ANA JÁCOMO
DO REPÓRTERMT
Foi publicado na edição suplementar da Gazeta Municipal dessa quinta-feira (9), o Decreto nº 11.717, que estabelece um novo e rigoroso rito para o reequilíbrio econômico-financeiro de contratos administrativos e atas de registro de preços. A medida institui a Comissão Permanente de Reequilíbrio de Preços, um órgão técnico responsável por analisar se os pedidos de aumento feitos por empresas que prestam serviços ao município são, de fato, legítimos.
A nova regra altera o Decreto nº 9.650/2023 e serve como um "filtro" contra o aumento desenfreado de gastos públicos. A partir de agora, não basta a empresa alegar que o preço do mercado subiu, ela precisará apresentar uma espécie de "mapa de preços" detalhado e provar a necessidade do umento dos custos e o impacto direto na execução do serviço.

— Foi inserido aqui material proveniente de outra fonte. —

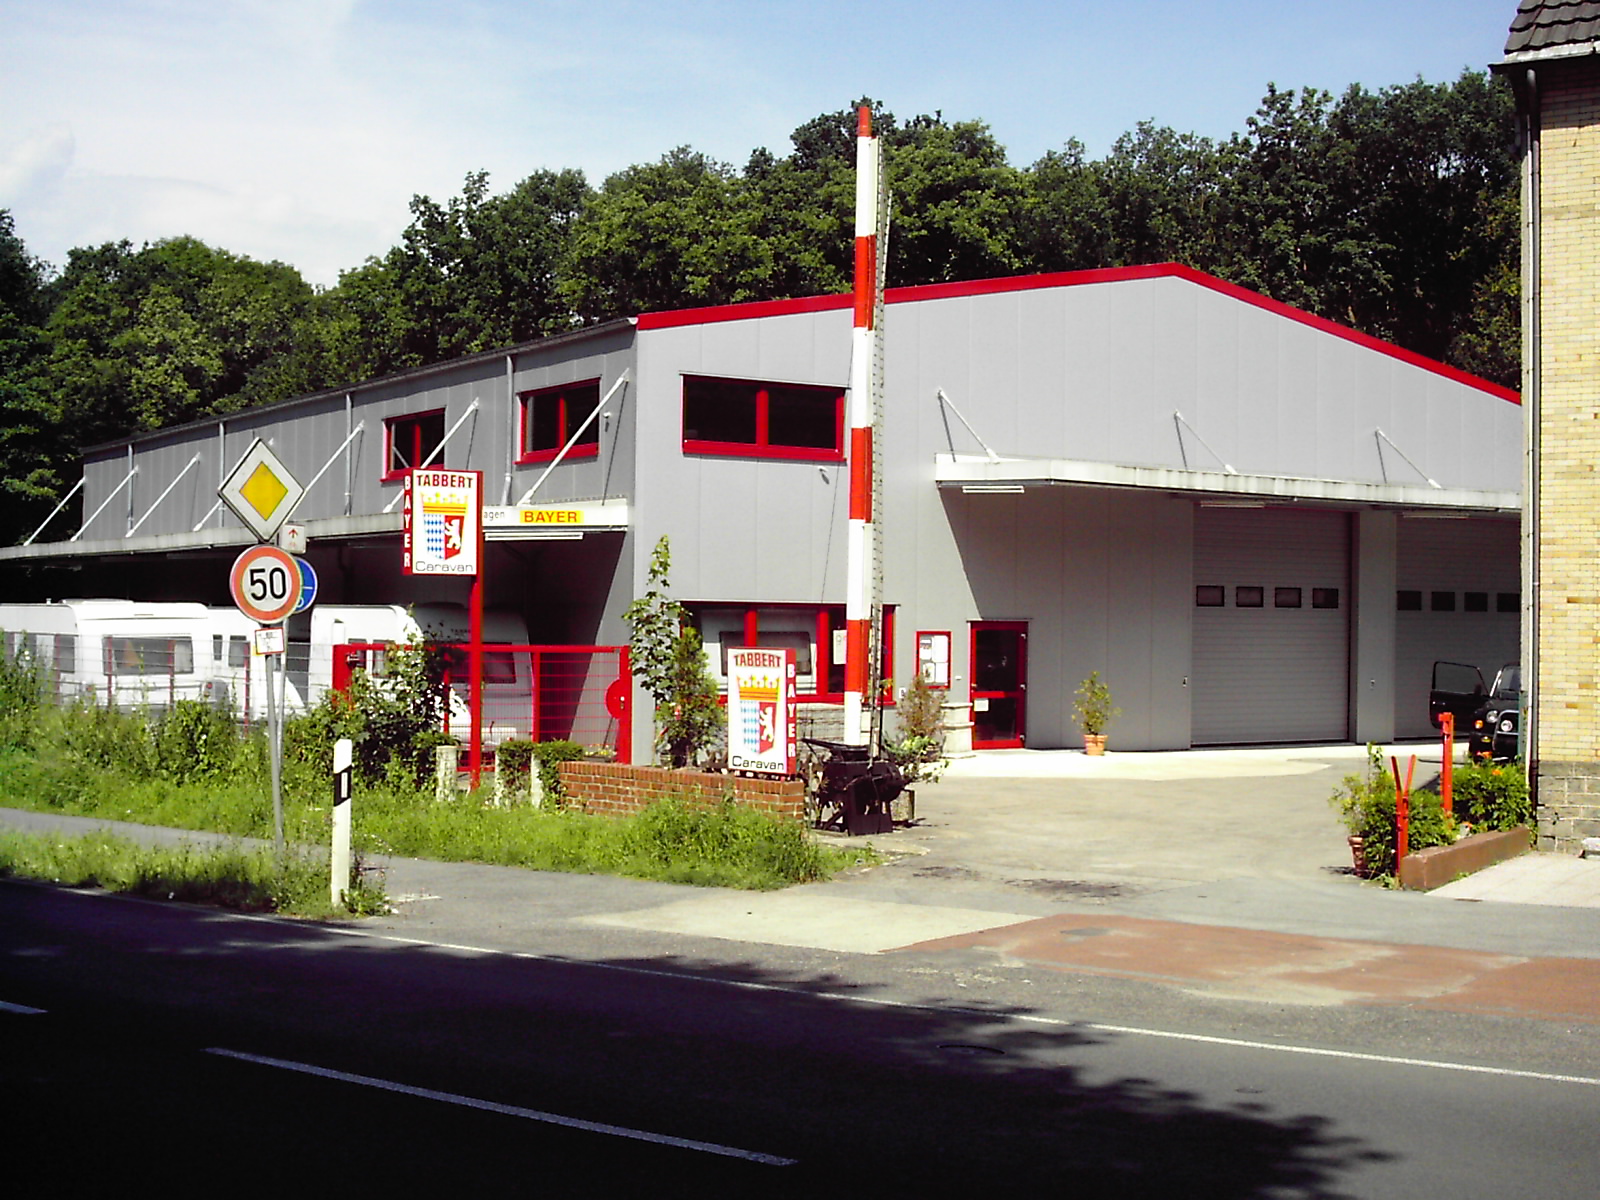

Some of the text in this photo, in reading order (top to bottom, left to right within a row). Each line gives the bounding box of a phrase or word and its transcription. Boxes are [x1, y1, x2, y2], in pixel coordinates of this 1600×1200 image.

A comissão será composta por três membros permanentes indicados pela Secretaria Municipal de Economia e membros rotativos de cada pasta. O decreto enfatiza a "segregação de funções", proibindo que o mesmo agente público atue em funções que facilitem a ocultação de erros ou fraudes.
Além disso, o texto deixa claro que não haverá reequilíbrio se houver uma "matriz de riscos" já definida no contrato. Ou seja, se a empresa assumiu o risco de oscilações no momento da assinatura, o município não arcará com o prejuízo extra.